MIT Researchers Convert Lead to Solar Power

Joanna Schroeder

Researchers at MIT are recycling materials from discarded car batteries into long-lasting solar panels that provide emissions free power while keep lead out of landfills. The system was described in the journal Energy and Environmental Science and was co-authored by Angela M. Belcher and Paula T. Hammon along with graduate student Po-Yen Chen, and three others.

The system is based on a recent development in solar cells that makes use of a compound called perovskite — specifically, organolead halide perovskite — a technology that has rapidly progressed from initial experiments to a point where its efficiency is nearly competitive with that of other types of solar cells.

“It went from initial demonstrations to good efficiency in less than two years,” said Belcher, the W.M. Keck Professor of Energy at MIT. Already, perovskite-based photovoltaic cells have achieved power-conversion efficiency of more than 19 percent, which is close to that of many commercial silicon-based solar cells.

Initial descriptions of the perovskite technology identified its use of lead, whose production from raw ores can produce toxic residues, as a drawback. However by using recycled lead from old car batteries, the manufacturing process can instead be used to divert toxic material from landfills and reuse it in photovoltaic panels that could go on producing power for decades. In addition, because the perovskite photovoltaic material takes the form of a thin film just half a micrometer thick, the team’s analysis shows that the lead from a single car battery could produce enough solar panels to provide power for 30 households.

As an added advantage, the production of perovskite solar cells is a relatively simple and benign process. “It has the advantage of being a low-temperature process, and the number of steps is reduced” compared with the manufacture of conventional solar cells, Belcher explained.

Those factors will help to make it “easy to get to large scale cheaply,” added.
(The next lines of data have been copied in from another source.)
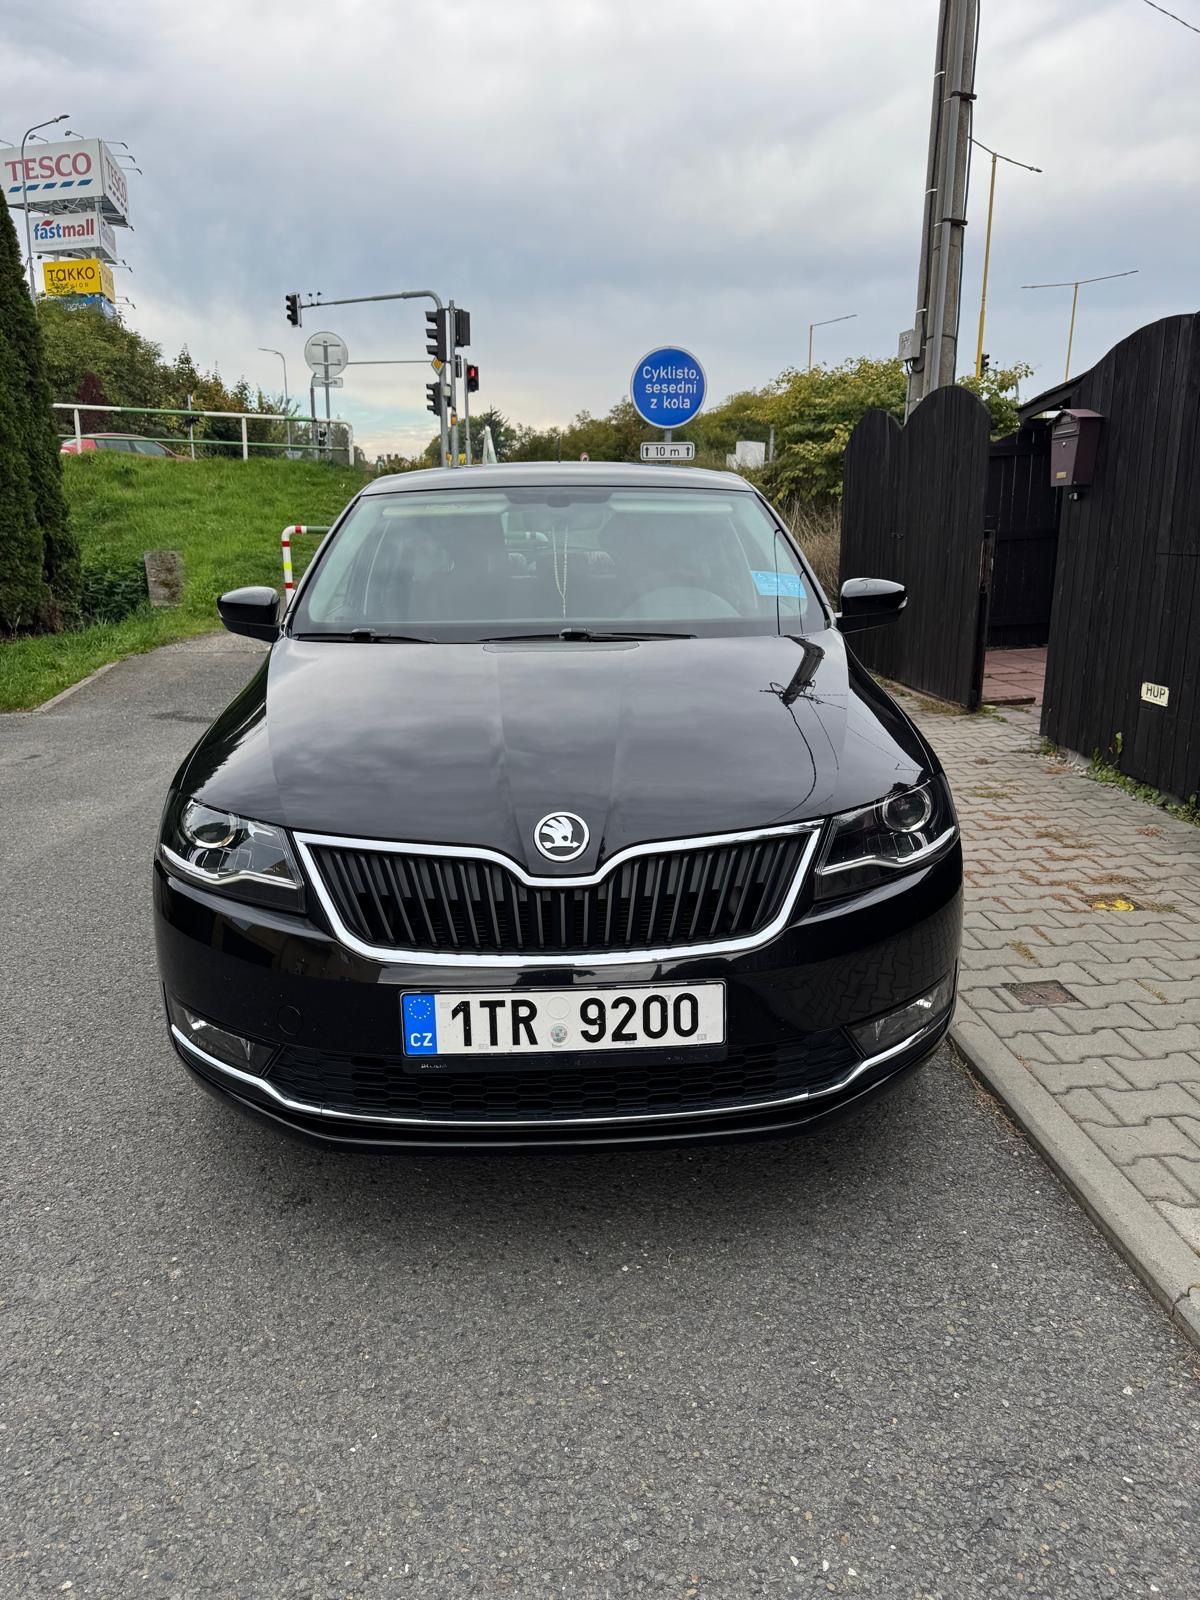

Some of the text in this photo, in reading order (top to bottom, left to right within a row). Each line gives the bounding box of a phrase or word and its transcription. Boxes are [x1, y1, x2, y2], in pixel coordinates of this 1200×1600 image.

[5, 152, 92, 181] TESCO
[34, 218, 95, 240] fastmall
[645, 381, 697, 394] sesedni
[650, 395, 691, 409] z kola
[655, 446, 680, 457] 10 m
[1146, 683, 1166, 700] HUP
[451, 992, 699, 1047] 1TR 9200
[410, 1033, 433, 1047] CZ
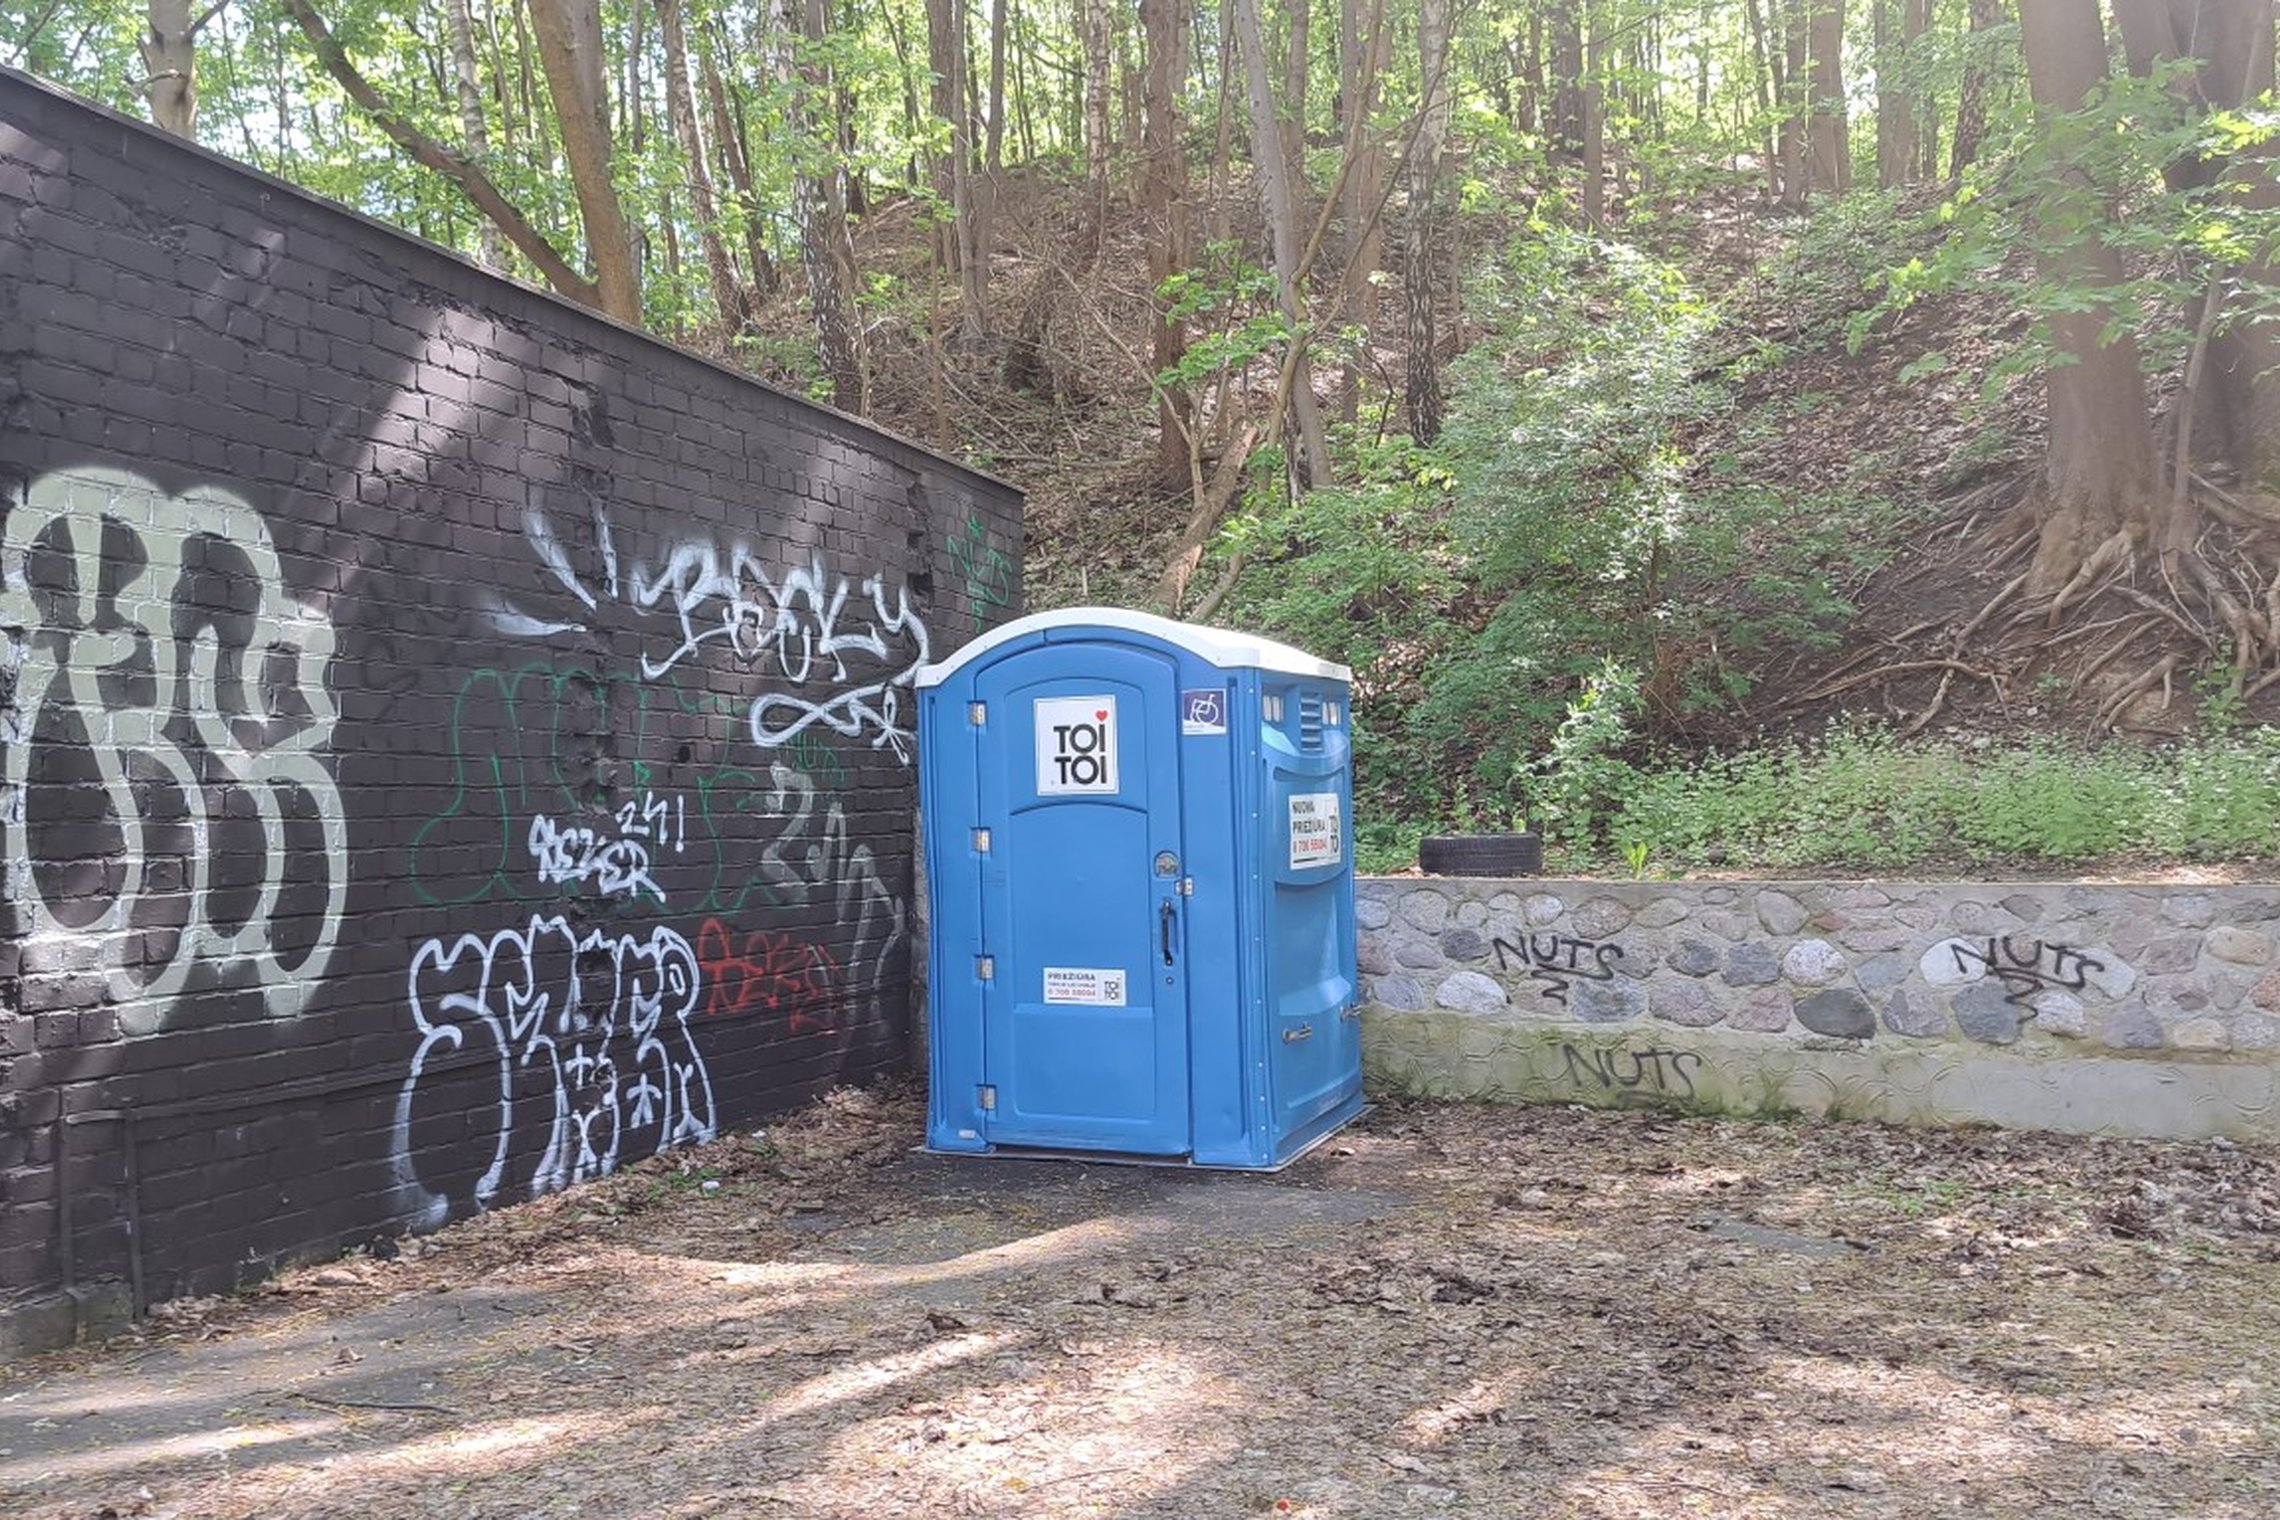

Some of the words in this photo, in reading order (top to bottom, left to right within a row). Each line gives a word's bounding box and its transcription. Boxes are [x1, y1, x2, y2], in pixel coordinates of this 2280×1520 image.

[1053, 712, 1108, 754] TOI
[1054, 755, 1107, 785] TOI
[1492, 934, 1625, 981] NUTS
[1951, 936, 2105, 989] NUTS
[1562, 1043, 1702, 1099] NUTS
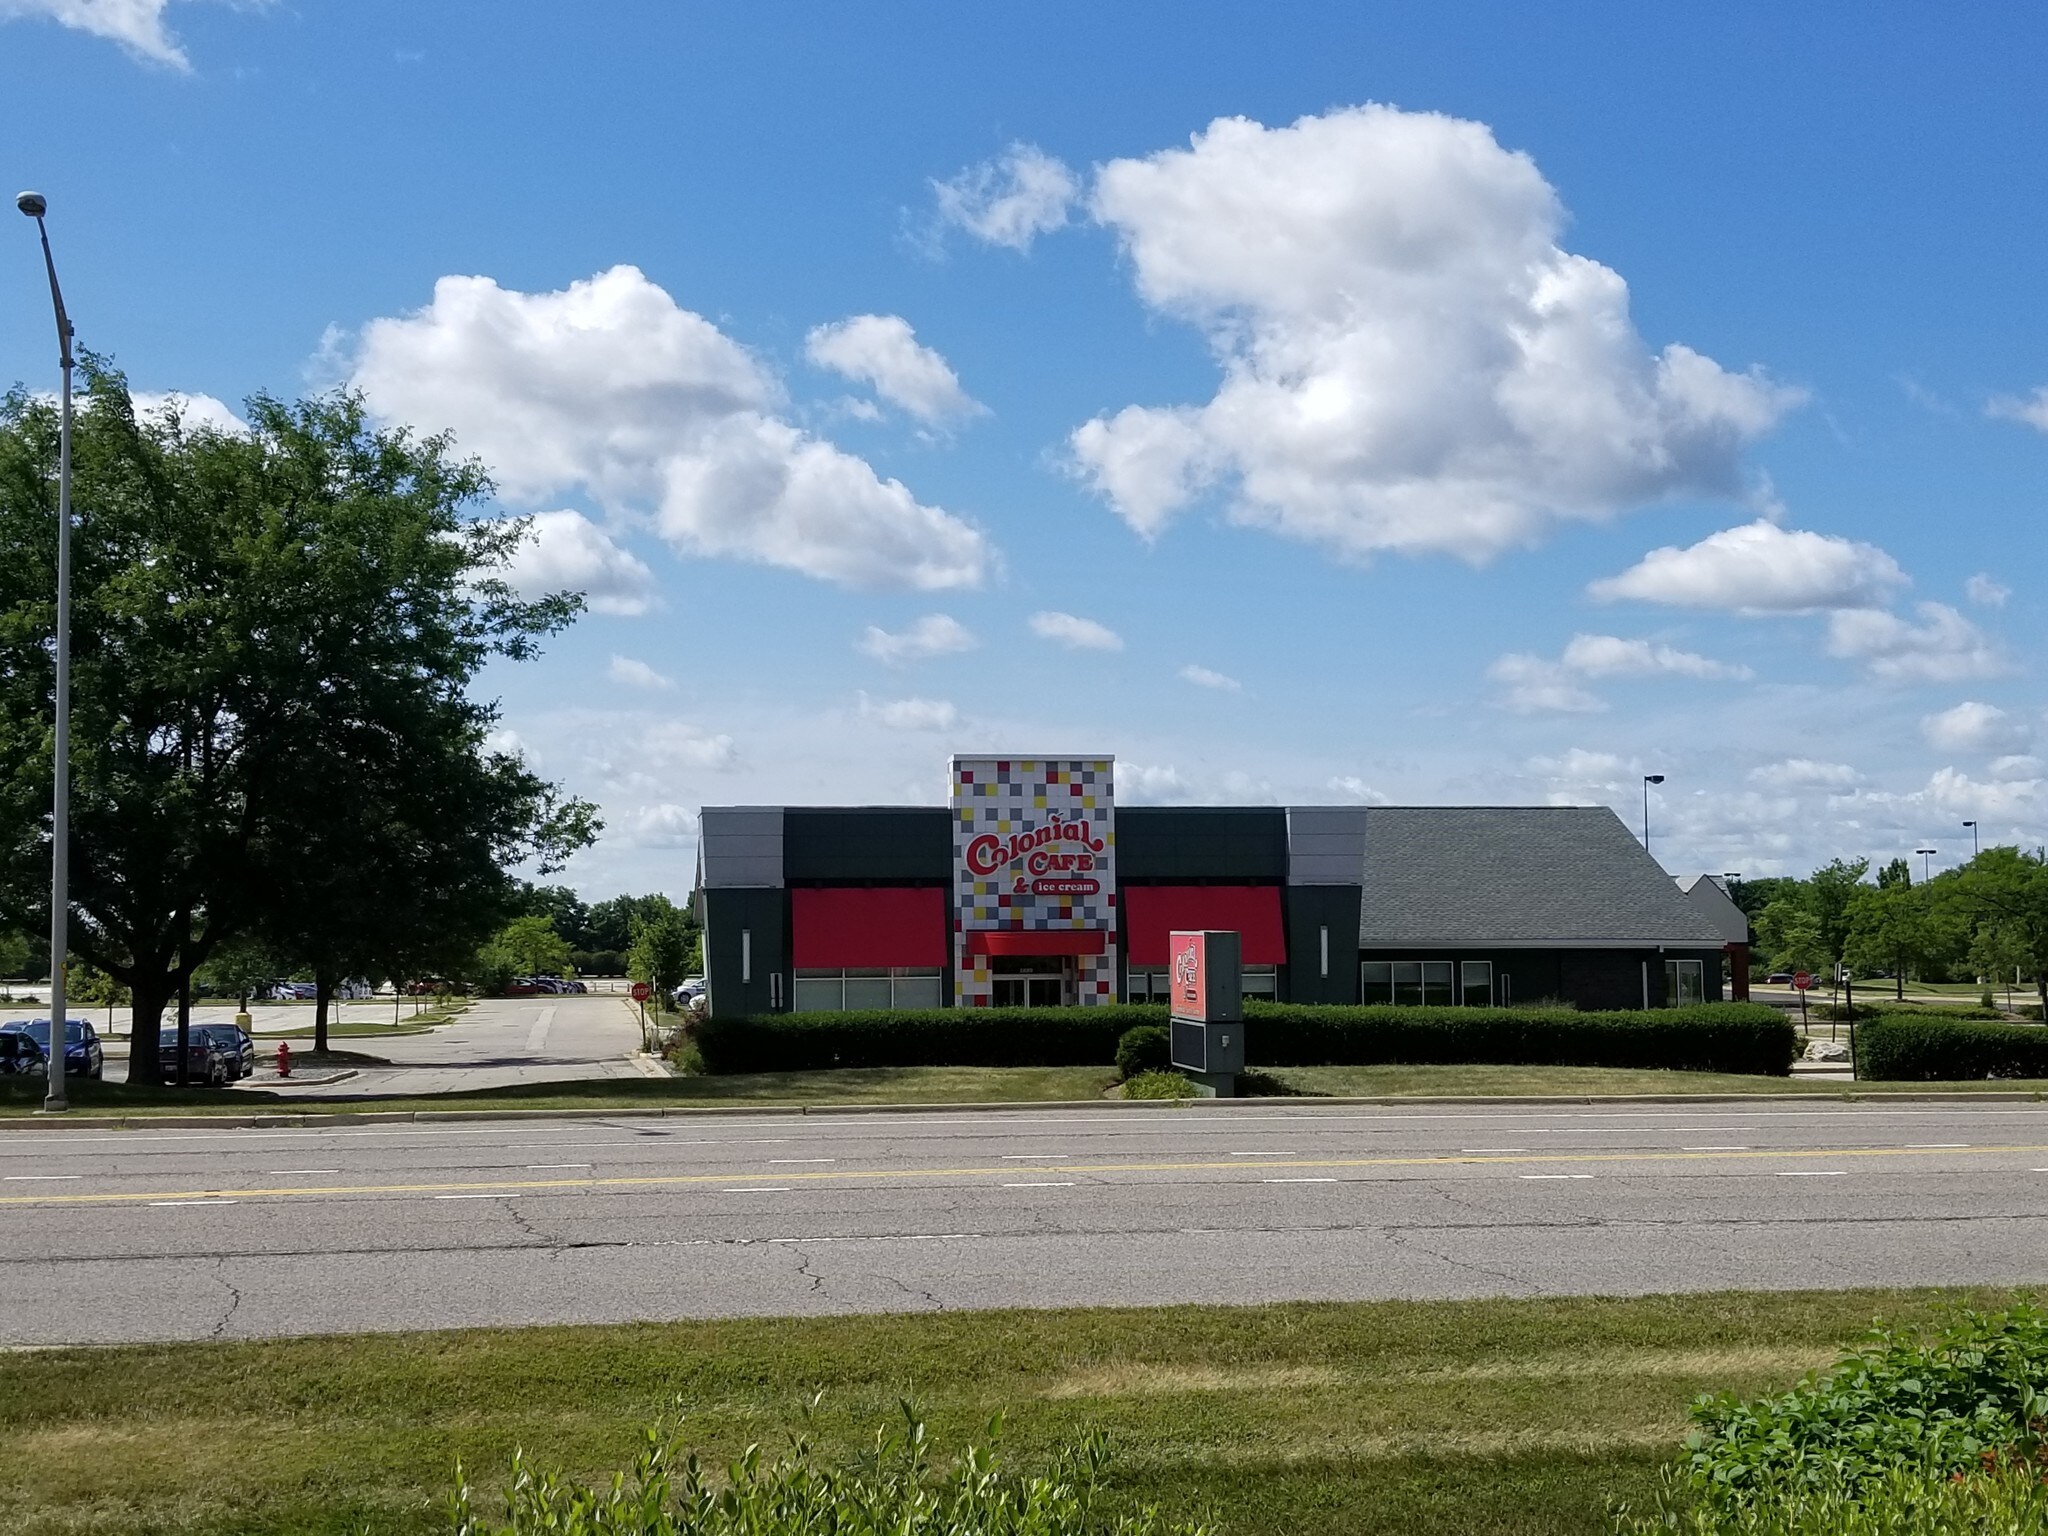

Belcher noted that one motivation for using the lead in old car batteries is that battery technology is undergoing rapid change, with new, more efficient types, such as lithium-ion batteries, swiftly taking over MIT lead from batteries to solar powerthe market. “Once the battery technology evolves, over 200 million lead-acid batteries will potentially be retired in the United States, and that could cause a lot of environmental issues,” she said.

In a finished solar panel, the lead-containing layer would be fully encapsulated by other materials, as many solar panels are today, limiting the risk of lead contamination of the environment. When the panels are eventually retired, the lead can simply be recycled into new solar panels.

Belcher believes that the recycled perovskite solar cells will be embraced by other photovoltaics researchers, who can now fine-tune the technology for maximum efficiency. The team’s work clearly demonstrates that lead recovered from old batteries is just as good for the production of perovskite solar cells as freshly produced metal.